In the 1830s we begin to see the establishment of the English Public School system. The amount of mathematics and science taught in these schools was very variable and schools like Eton, Harrow and Rugby9 did not appoint mathematics masters until challenged by some of the newly founded institutions. Substantial reforms were made to preserve the establishment,10 by requiring these schools to provide an appropriate education for politicians, civil servants, the clergy, the army and the administrators of the Empire. Since most of the schoolmasters had been educated at Oxford or Cambridge, it was no surprise that the `Liberal' ethos prevailed, and the theorems of Euclid were regarded as part of the corpus of classical literature.
 
 

5. Non-Conformist Education and the Mechanics Institutes

From 1766 the "Lunar Society" held informal monthly meetings in Birmingham.11 This was typical of a number of "Literary and Philosophical' Societies whose members were forward looking scientists o innovators with interests in practical applications of the new ideas of natural philosophy. Later, more radical interests developed, and they also began to encourage social and political education intending to prepare their sons for their place as leaders of the new industries.
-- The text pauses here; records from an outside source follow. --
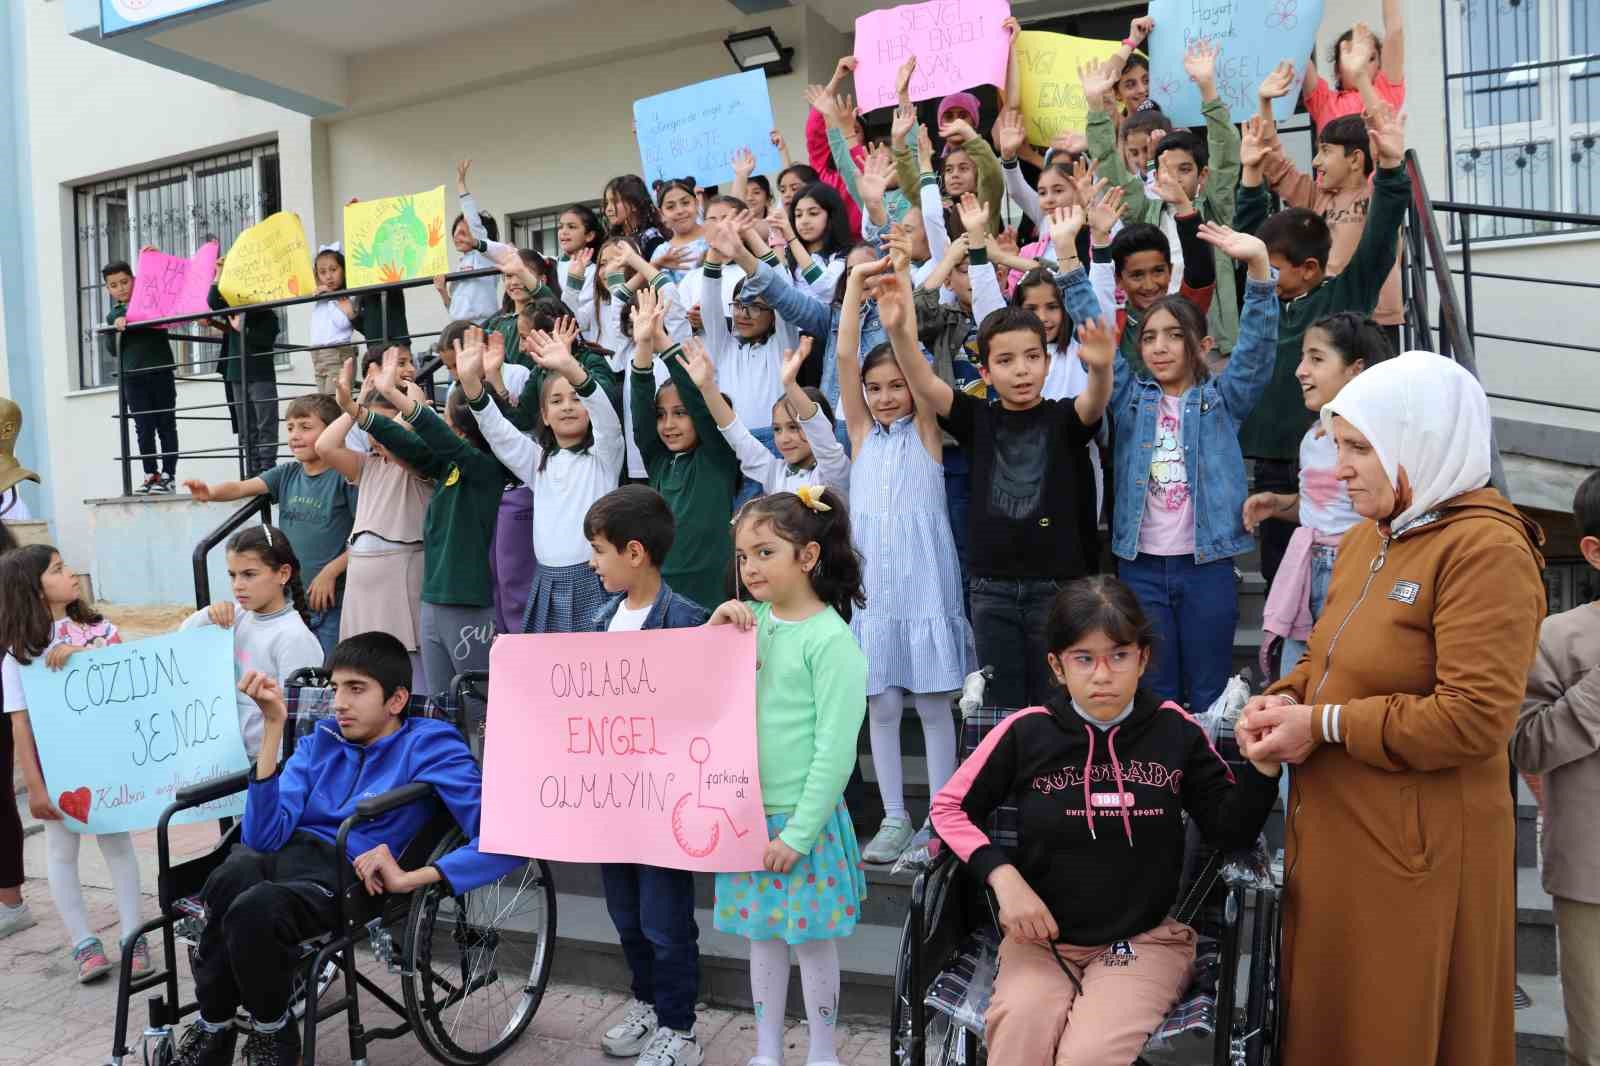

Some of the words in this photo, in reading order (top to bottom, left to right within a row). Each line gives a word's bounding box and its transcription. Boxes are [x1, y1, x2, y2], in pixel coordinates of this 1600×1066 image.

[877, 33, 912, 65] HER
[64, 647, 190, 716] ÇÖZÜM
[551, 657, 657, 699] ONLARA
[567, 715, 668, 756] ENGEL
[540, 771, 676, 813] OLMAYIN
[1133, 808, 1165, 817] SPORTS
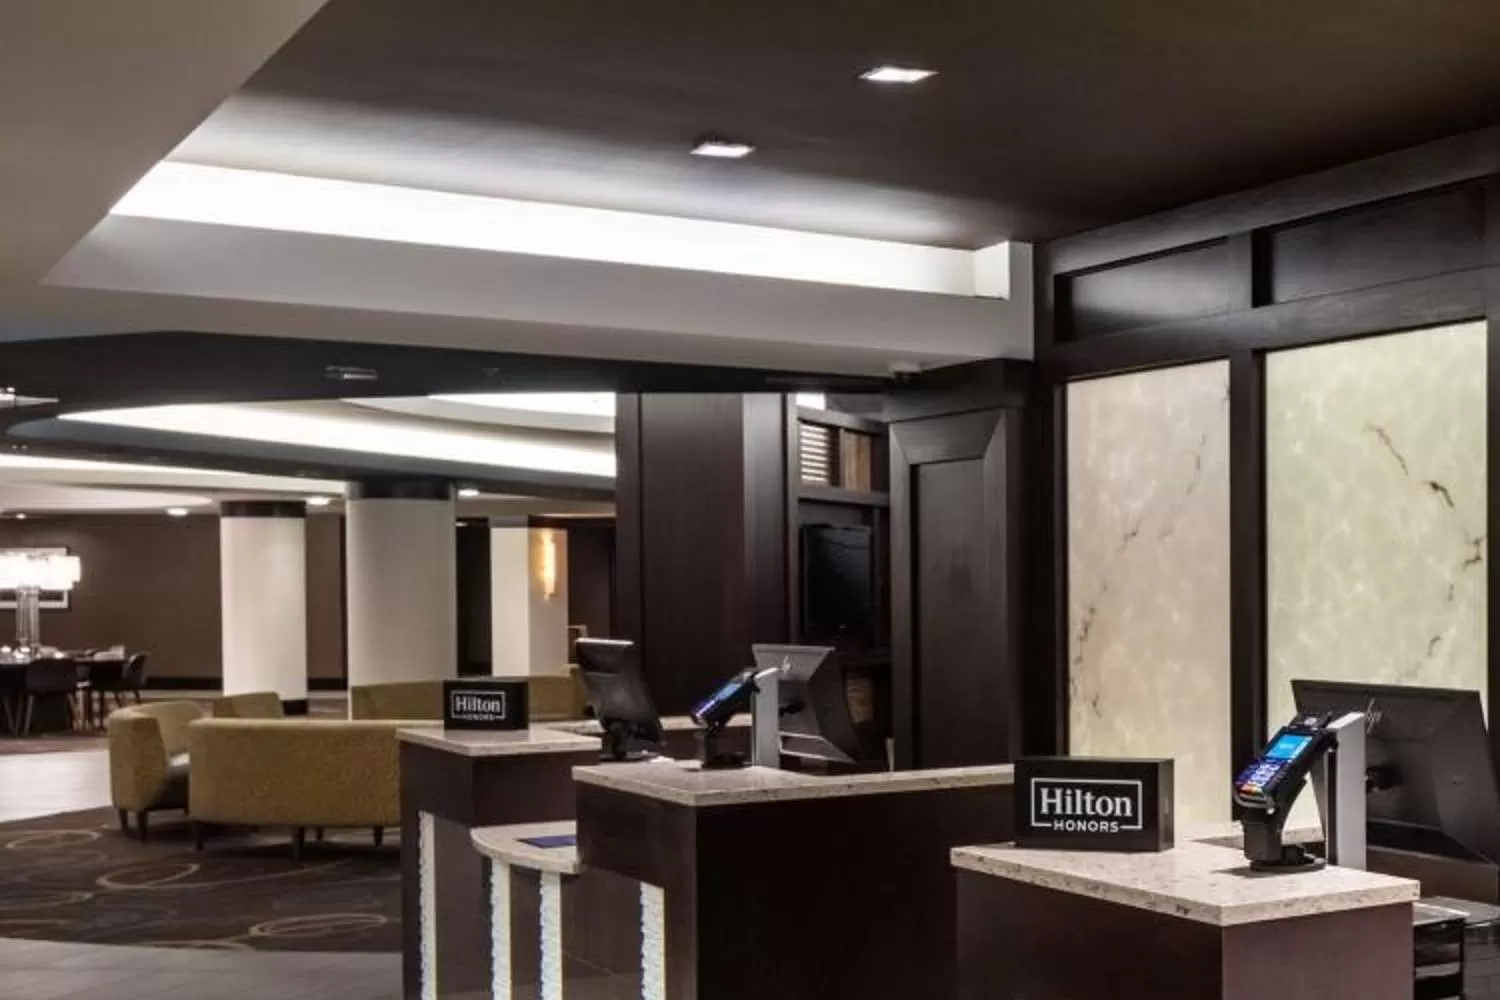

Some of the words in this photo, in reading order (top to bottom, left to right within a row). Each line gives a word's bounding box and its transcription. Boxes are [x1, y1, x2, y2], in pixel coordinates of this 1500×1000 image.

[456, 696, 501, 713] Hilton
[1040, 787, 1133, 817] Hilton
[1053, 820, 1120, 833] HONORS
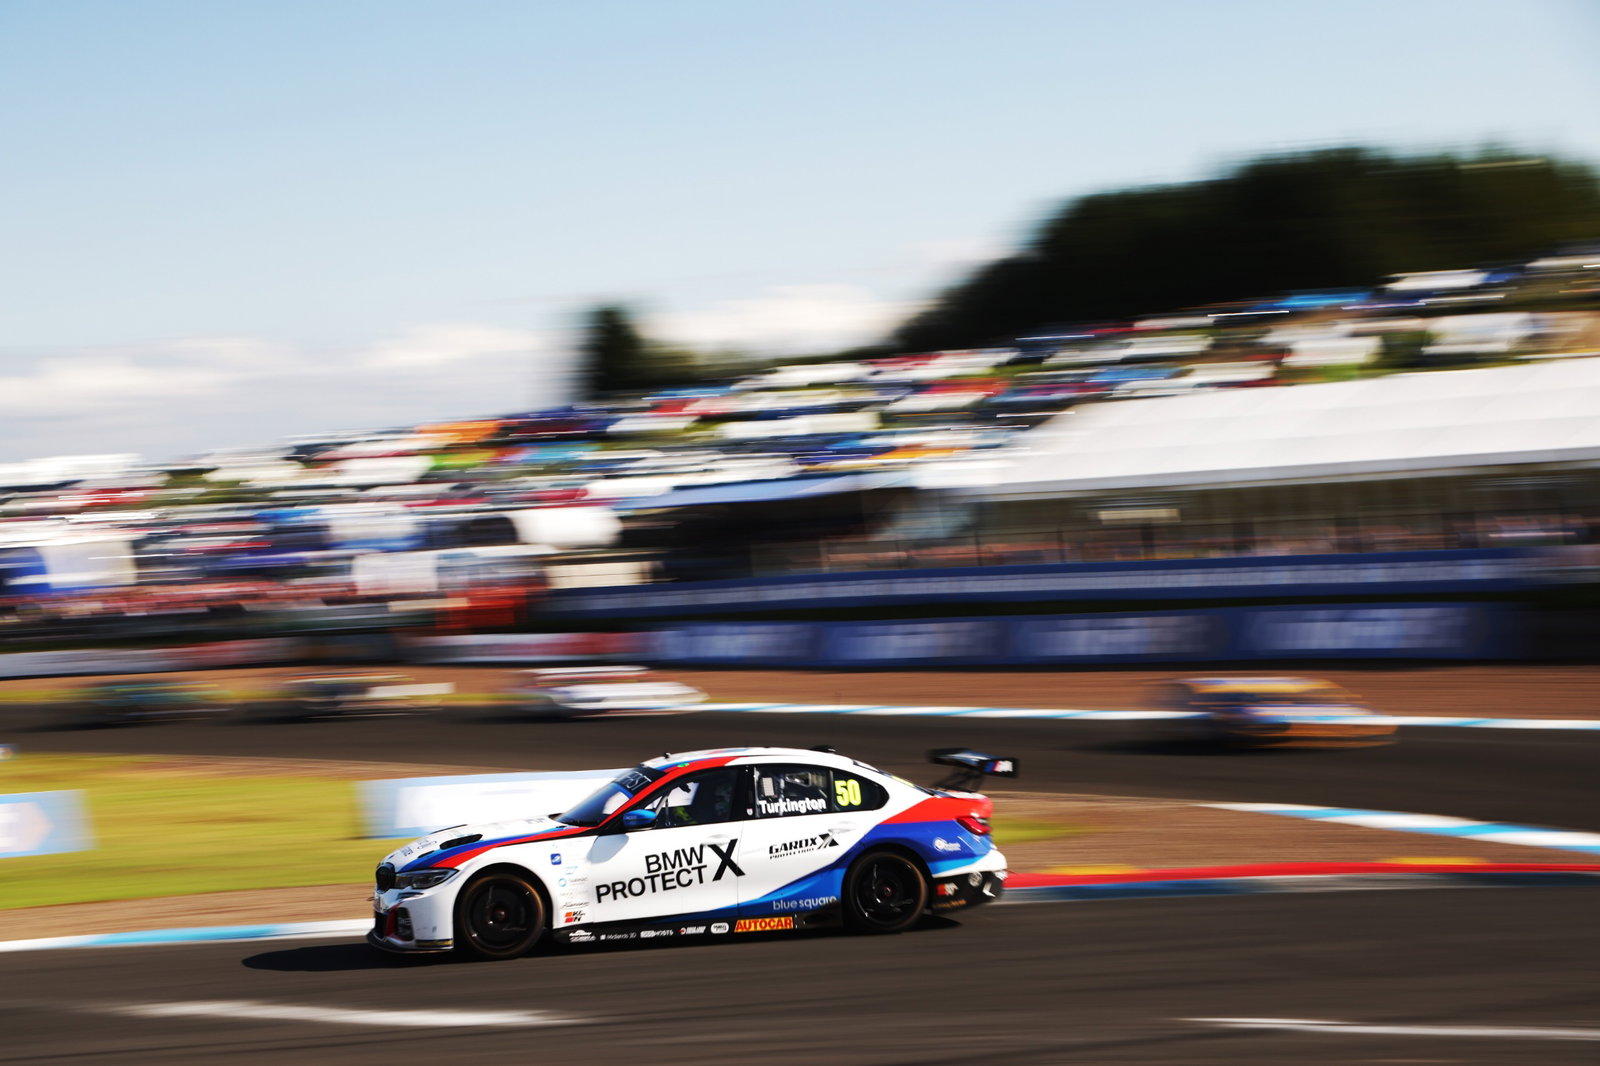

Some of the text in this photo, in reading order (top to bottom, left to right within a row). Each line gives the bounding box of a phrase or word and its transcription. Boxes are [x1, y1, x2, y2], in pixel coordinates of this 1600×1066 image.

The Private or `Dissenting' Academies were the places where Non-conformists could be educated12 The earliest of these was Warrington Academy, founded in 1757, and the subjects taught had obvious practical applications. Manchester College of Arts and Sciences, founded in 1783, taught sciences and practical arts on four evenings a week. Its syllabus contained classical languages, grammar and rhetoric, mathematics (including trigonometry), mechanics, natural philosophy, (including astronomy and chemistry) English composition, French, commercial and economic geography, history, politics, writing, drawing, book-keeping and shorthand. Subjects like these became the standard curriculum, and most of the important cities of this time developed similar educational institutions. There was a great demand for applied science, and "mixed mathematics".13 In 1786, the Manchester Academy was established, providing full-time education for students, and a permanent mathematical tutor was appointed in 1787.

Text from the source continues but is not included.